=== Section Start ===
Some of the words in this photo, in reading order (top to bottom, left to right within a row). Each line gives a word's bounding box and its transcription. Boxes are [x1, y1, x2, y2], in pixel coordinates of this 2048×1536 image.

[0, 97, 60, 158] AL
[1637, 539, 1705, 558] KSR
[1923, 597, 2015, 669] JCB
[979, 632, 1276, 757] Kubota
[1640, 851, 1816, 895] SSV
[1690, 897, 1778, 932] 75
=== Section End ===
__ACTION ITEM__. Copy out the material above in its entirety. Every detail must match.

__EXERCISE RESPONSE__.
Some of the words in this photo, in reading order (top to bottom, left to right within a row). Each line gives a word's bounding box and its transcription. Boxes are [x1, y1, x2, y2], in pixel coordinates of this 2048×1536 image.

[0, 97, 60, 158] AL
[1637, 539, 1705, 558] KSR
[1923, 597, 2015, 669] JCB
[979, 632, 1276, 757] Kubota
[1640, 851, 1816, 895] SSV
[1690, 897, 1778, 932] 75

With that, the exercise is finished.